Mom has been using bi-pap and O2 at least 23 hours a day. She is only off long enough for transfers (pwc, bed, toilet, shower). According to her husband and primary CAL, the machine is doing 100% of the work for her at night. Hospice has been involved since December and her pain, air hunger, etc is all being managed and is under control. She has a foley cath, feeding tube (4 cans a day + meds & water).
At her appointment yesterday, the SLP had a chance to check out her head mouse setup with the loaner dynavox machine since speech is almost completely gone.
In addition to all of the above, the biggest blow was finding out her FVC is down low enough it cannot be measured at all to very little accuracy. Basically, the RT guessed it was maybe at 4% of predicted. While we knew this was coming, it was still hard to hear.
I should also add her CO2 level was a 60, so her bipap was adjusted. O2 is still good (in the low 90's).

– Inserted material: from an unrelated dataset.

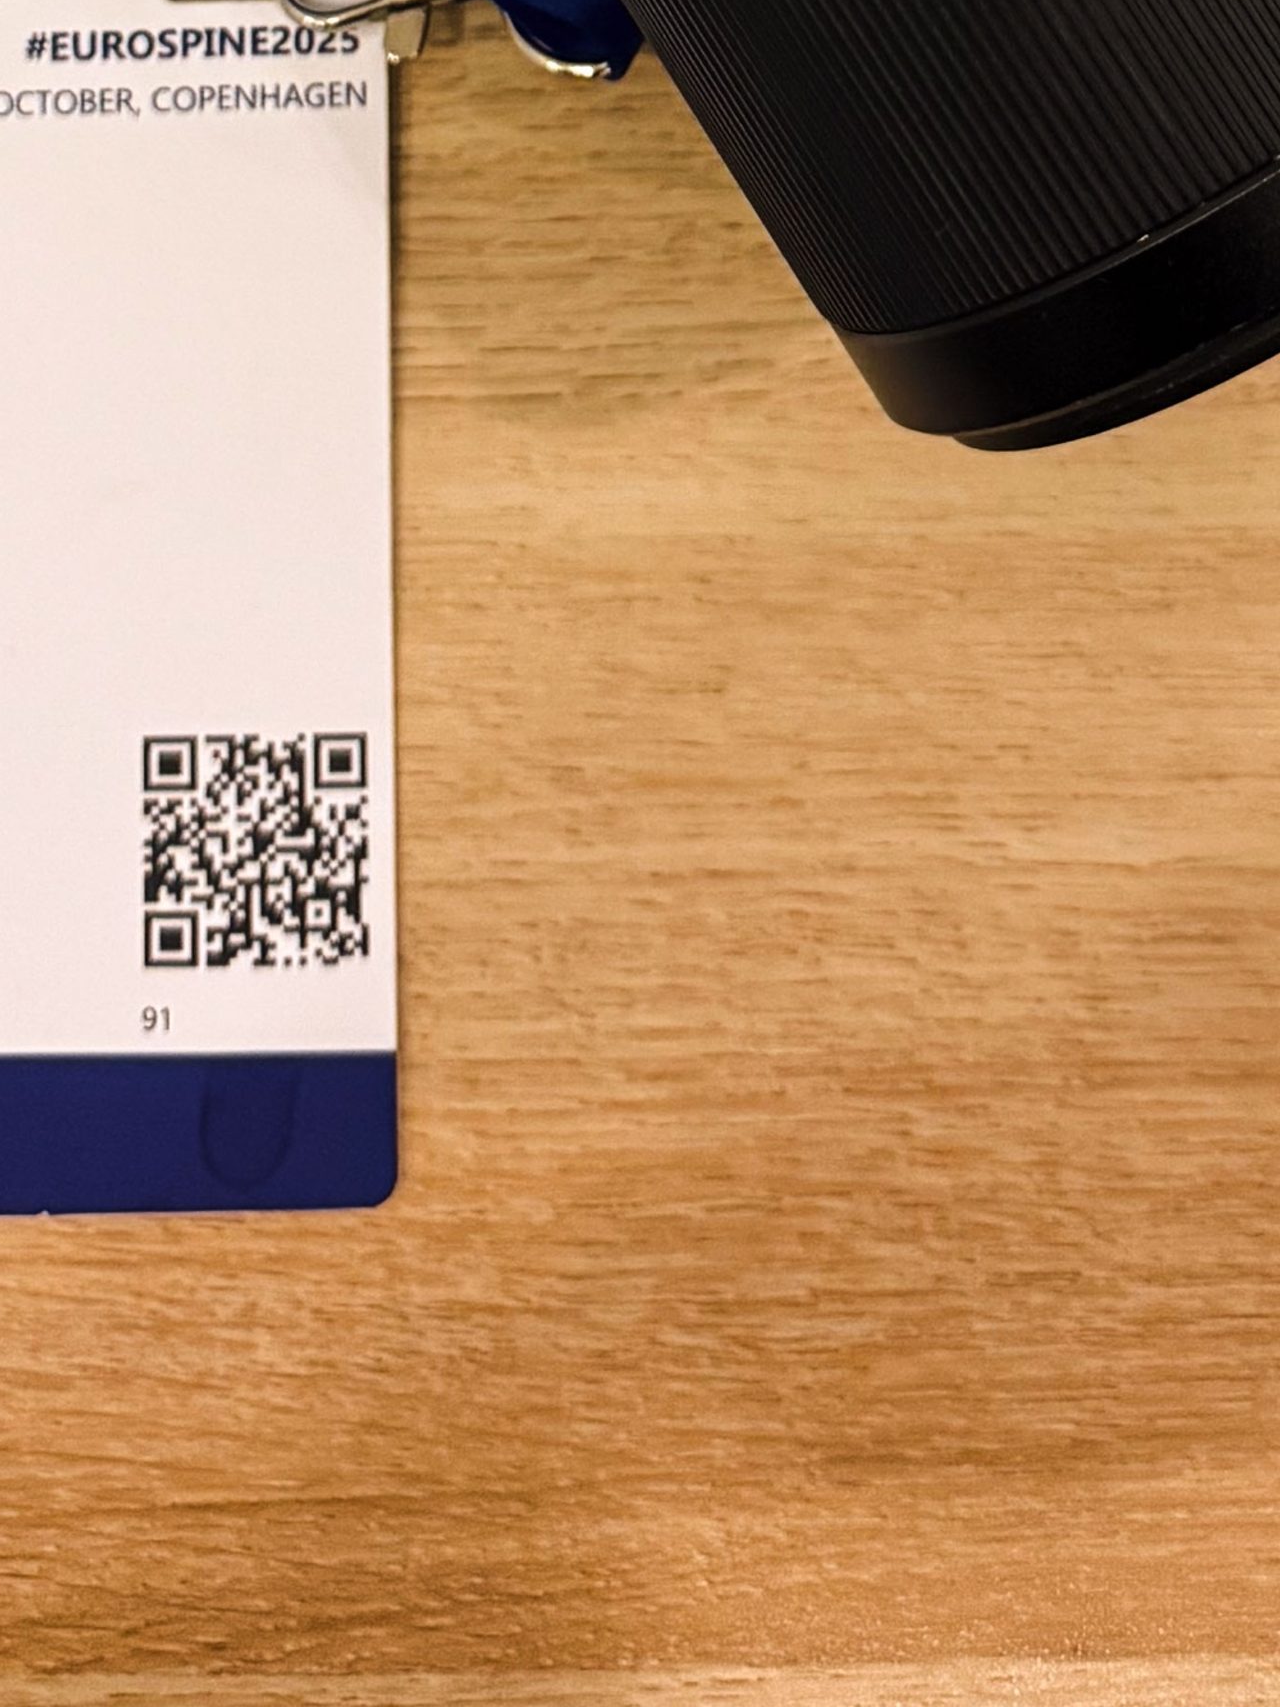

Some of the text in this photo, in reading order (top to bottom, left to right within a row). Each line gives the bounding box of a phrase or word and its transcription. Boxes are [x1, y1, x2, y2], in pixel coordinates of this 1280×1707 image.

[24, 24, 361, 62] #EUROSPINE2025
[151, 80, 368, 115] COPENHAGEN
[140, 1005, 172, 1034] 91
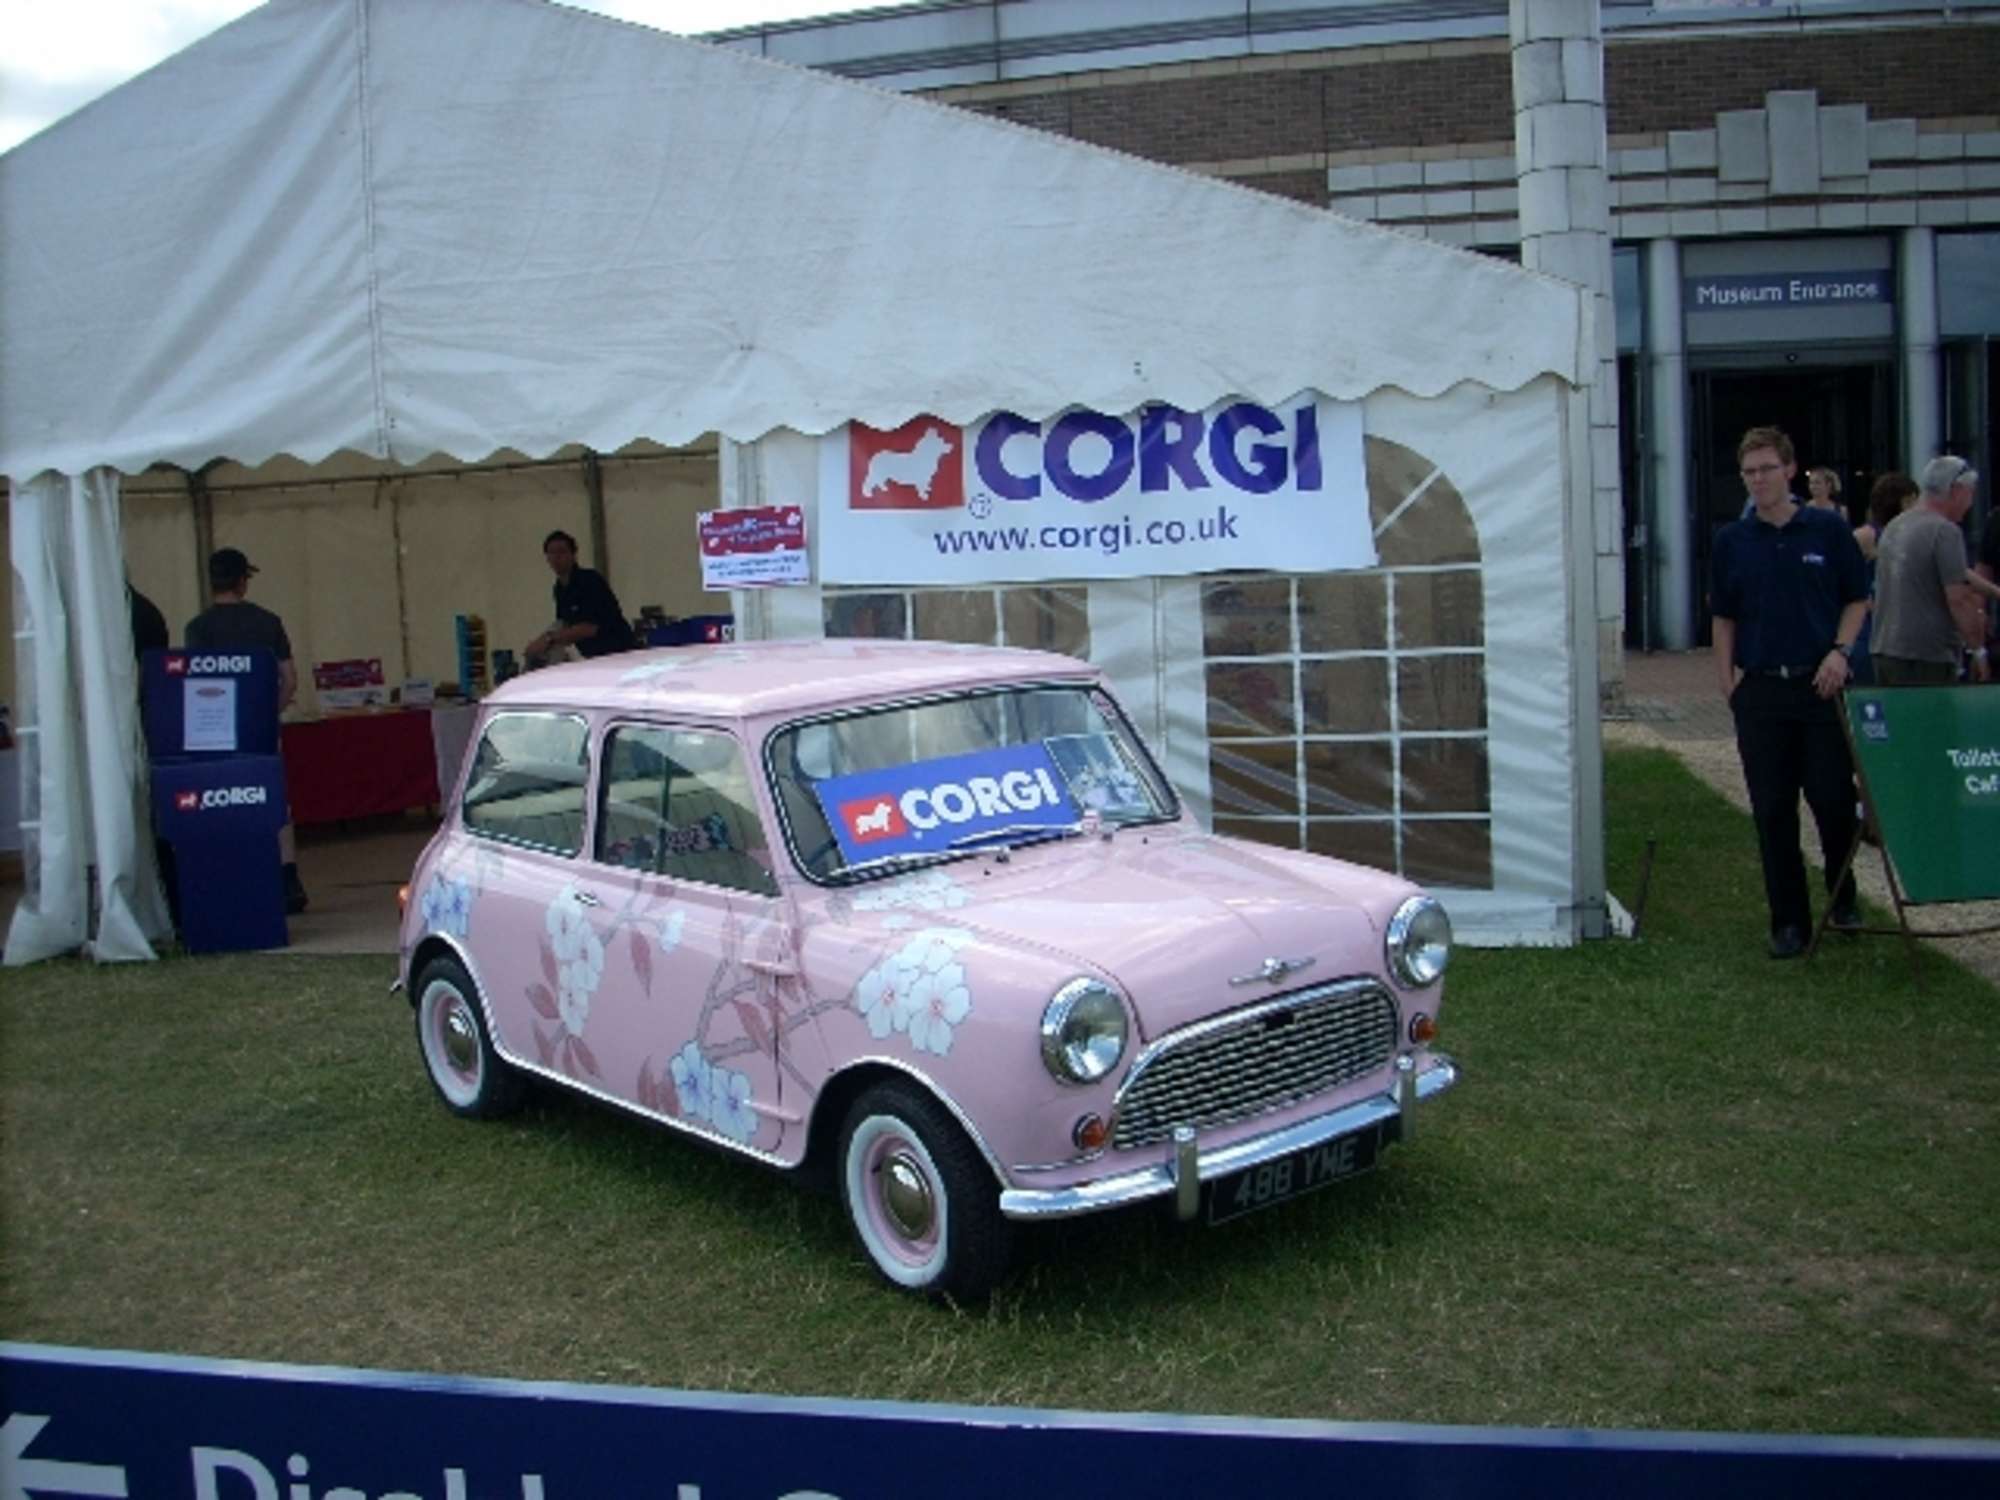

My main question is what happens next? What could get worse, what does the future hold and what can we do to keep her comfortable, dignafied and at peace?
I have accepted our fate and only want her to get what she wants. Mom is a non-vent and is speaking more and more about death and dying (in a healthy way). I think she is still grieving (I know I would be) and I know above all else she is just exhausted.
Thank you for listening/reading and any insight you provide. I know it isn't easy for our PALs, I just guess I'd like to know what to expect from here and what I can do to help. We live a couple hours away but visit almost every weekend so she can see the boys.
Sorry for the ramblings....peace and comfort to all!